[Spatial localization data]
[Start of Attachment]

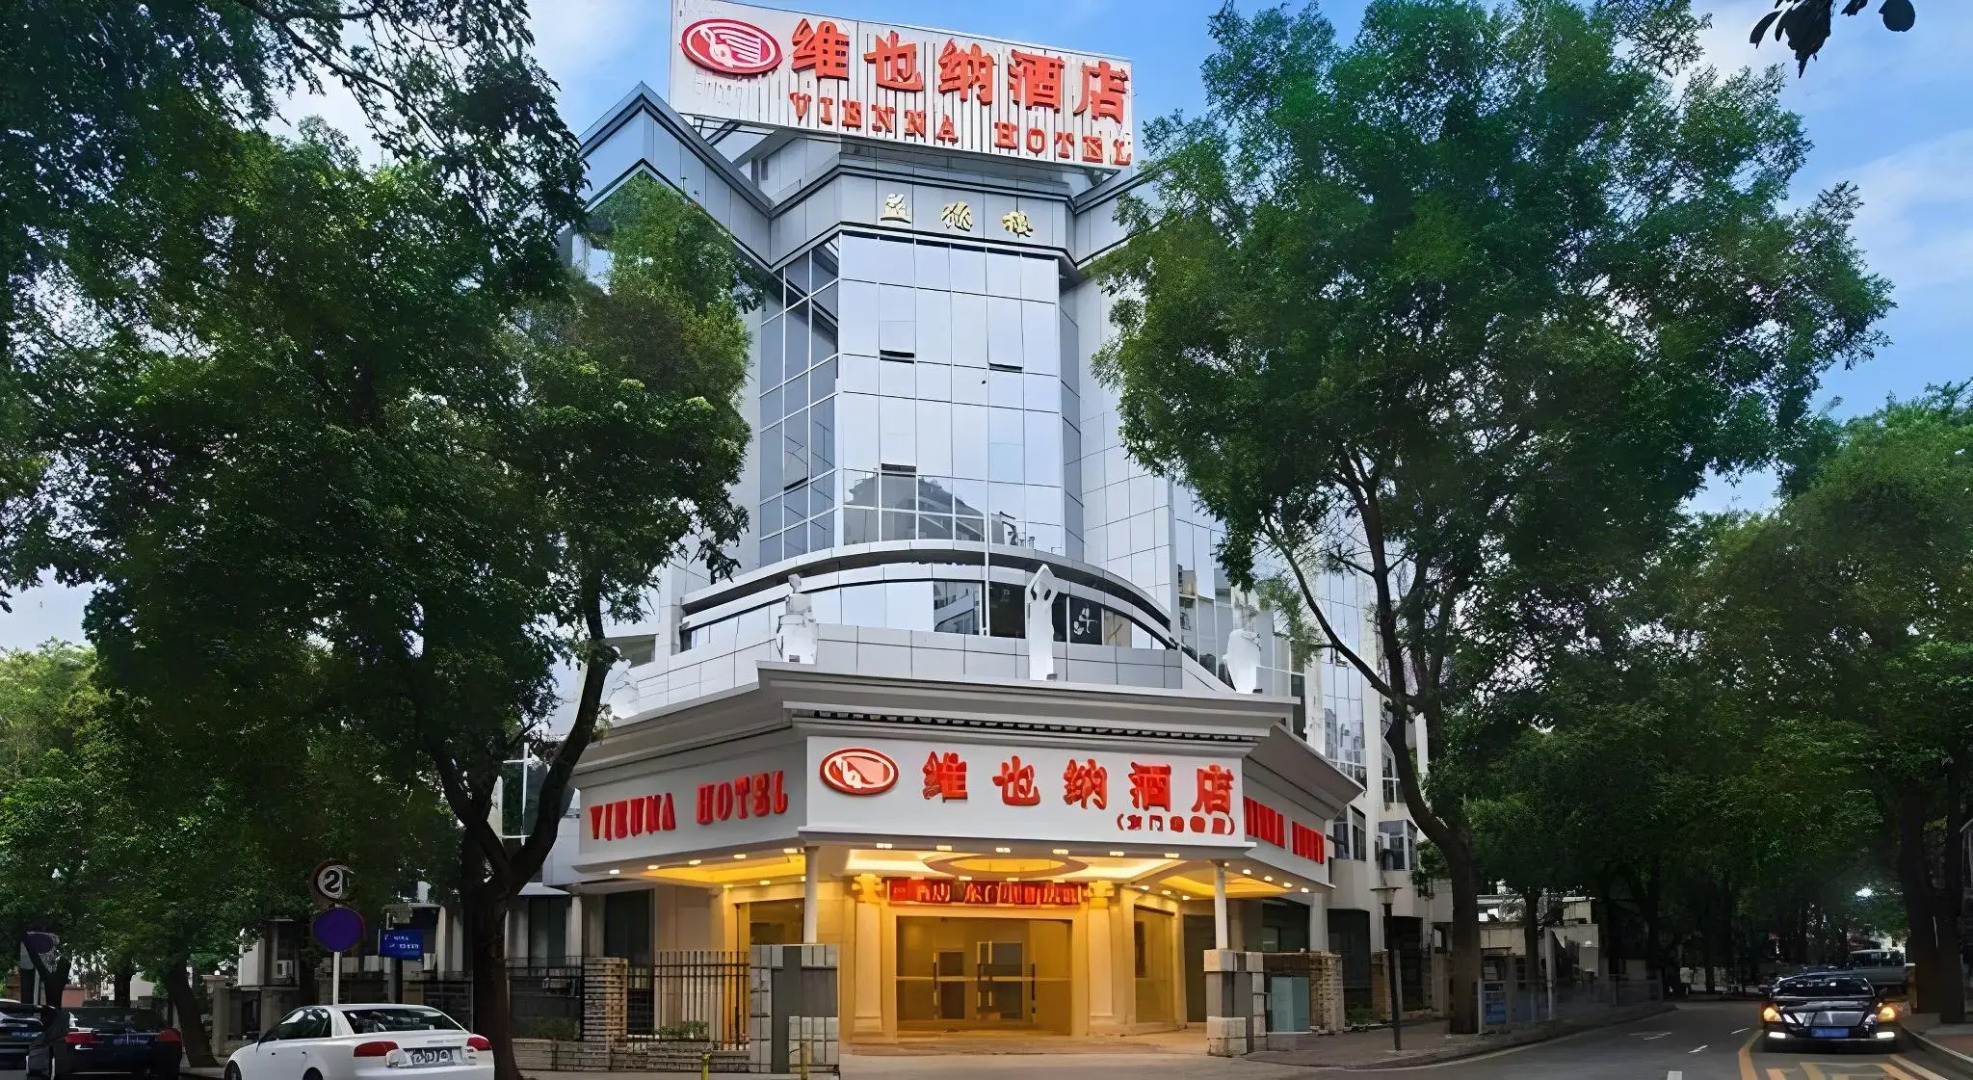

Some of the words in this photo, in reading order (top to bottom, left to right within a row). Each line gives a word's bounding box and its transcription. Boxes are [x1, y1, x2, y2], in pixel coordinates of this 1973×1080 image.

[790, 18, 1131, 125] 维也纳酒店
[922, 751, 1235, 815] 维也纳酒店
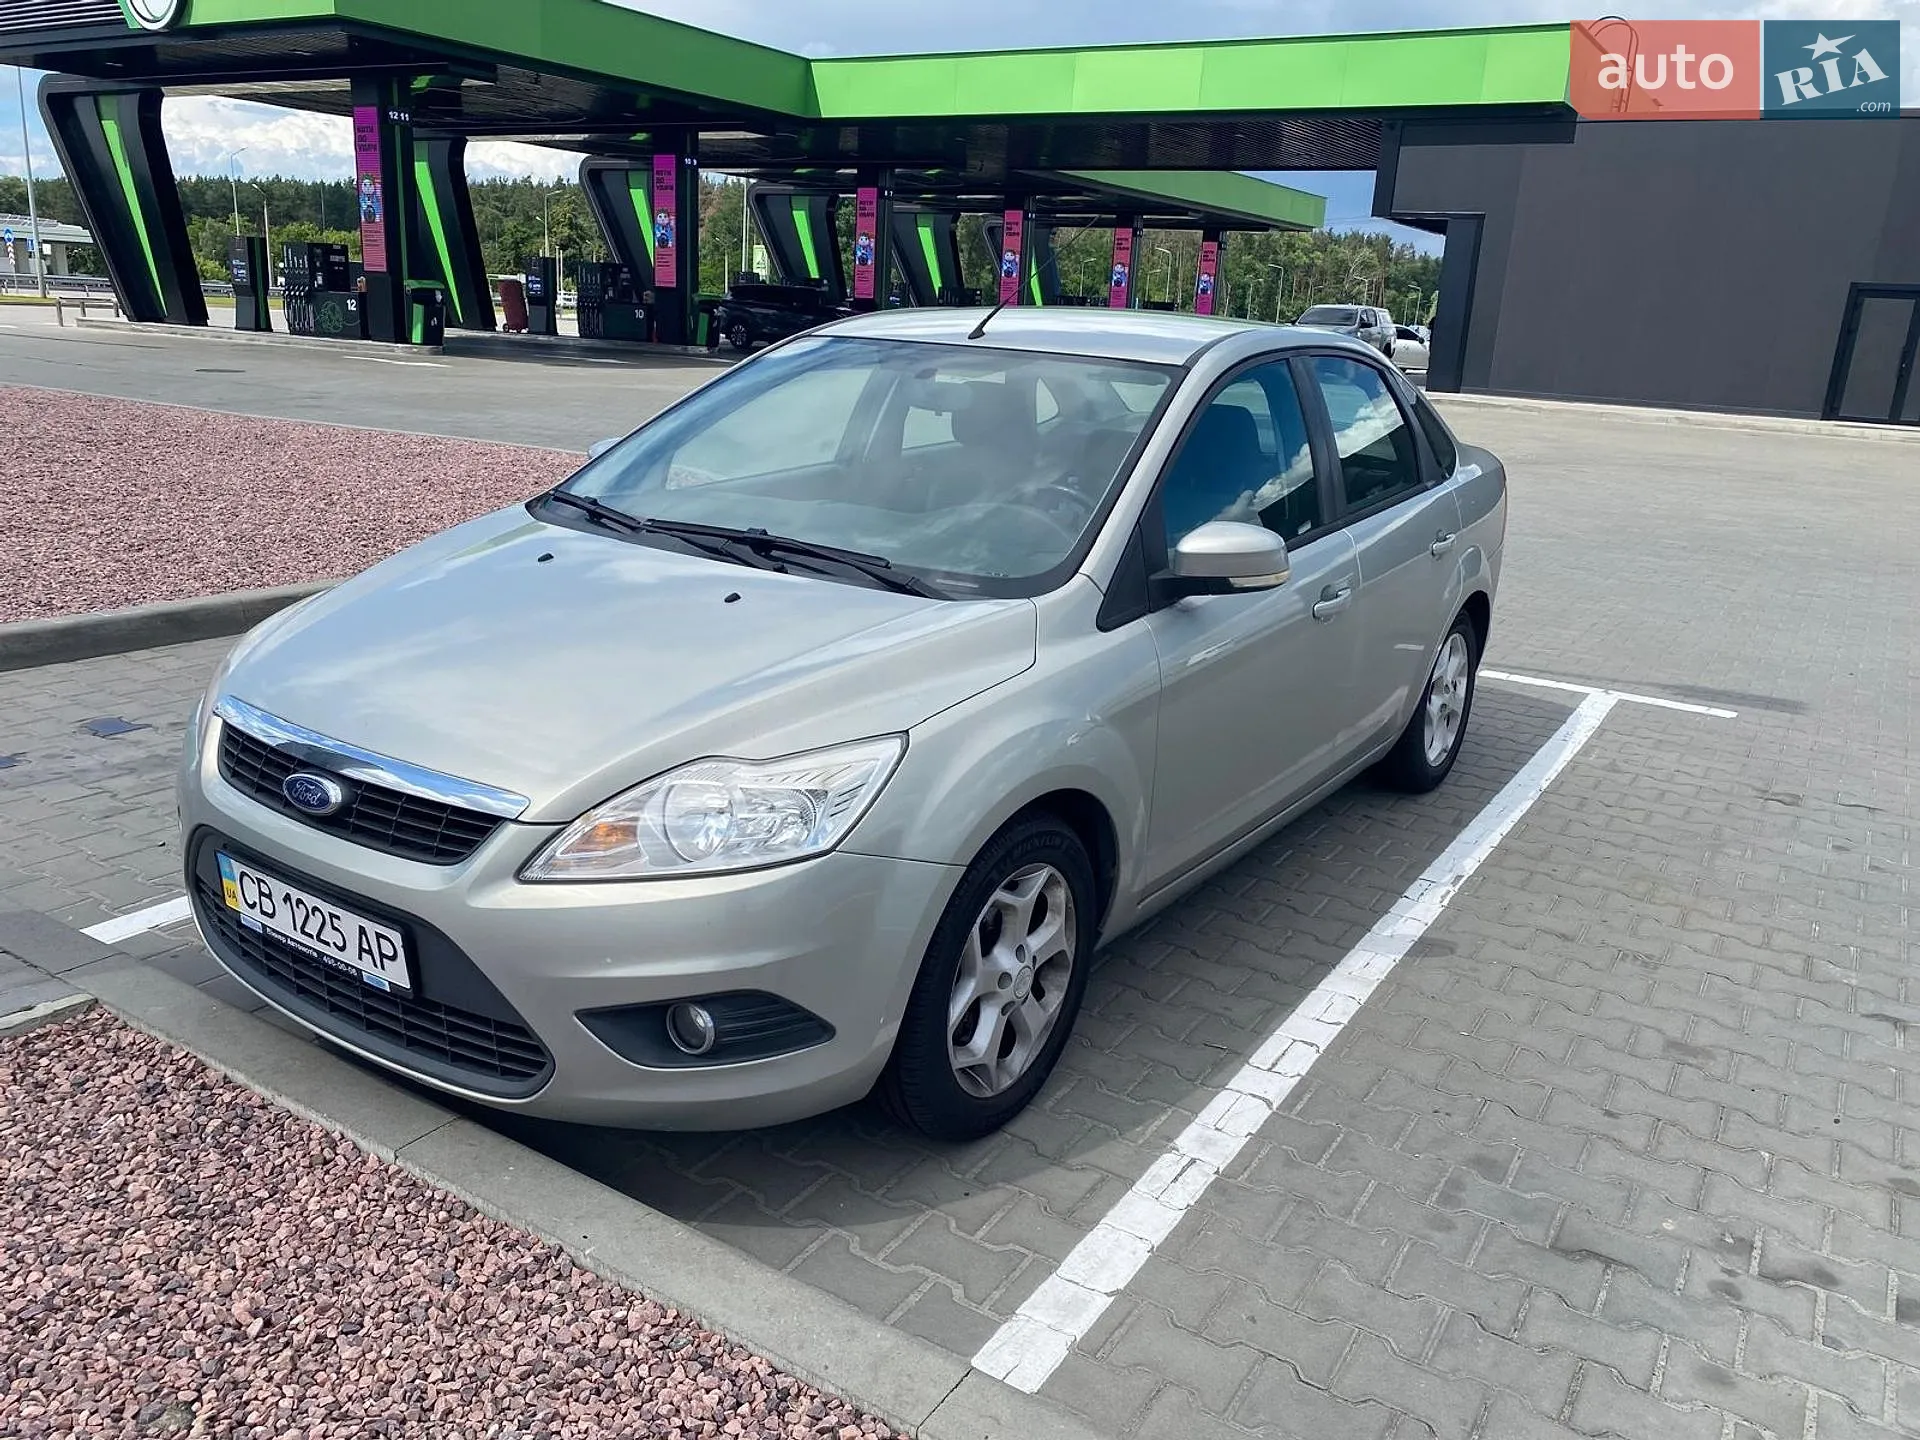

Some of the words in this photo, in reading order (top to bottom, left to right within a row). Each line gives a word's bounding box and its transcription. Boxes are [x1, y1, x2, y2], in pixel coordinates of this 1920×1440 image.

[389, 111, 398, 120] 12
[400, 112, 409, 121] 11
[346, 299, 357, 311] 12
[634, 309, 645, 319] 10
[292, 780, 322, 806] Ford
[226, 887, 238, 903] UA
[238, 870, 277, 919] CB
[282, 892, 347, 952] 1225
[357, 924, 398, 971] AP

[End of Attachment]

> Work required
Exact reproduction of the entries above is what's needed; images stay out.

> Response to this task
Some of the words in this photo, in reading order (top to bottom, left to right within a row). Each line gives a word's bounding box and its transcription. Boxes are [x1, y1, x2, y2], in pixel coordinates of this 1973×1080 image.

[790, 18, 1131, 125] 维也纳酒店
[922, 751, 1235, 815] 维也纳酒店

Some of the words in this photo, in reading order (top to bottom, left to right within a row). Each line gives a word's bounding box and its transcription. Boxes are [x1, y1, x2, y2], in pixel coordinates of this 1920×1440 image.

[389, 111, 398, 120] 12
[400, 112, 409, 121] 11
[346, 299, 357, 311] 12
[634, 309, 645, 319] 10
[292, 780, 322, 806] Ford
[226, 887, 238, 903] UA
[238, 870, 277, 919] CB
[282, 892, 347, 952] 1225
[357, 924, 398, 971] AP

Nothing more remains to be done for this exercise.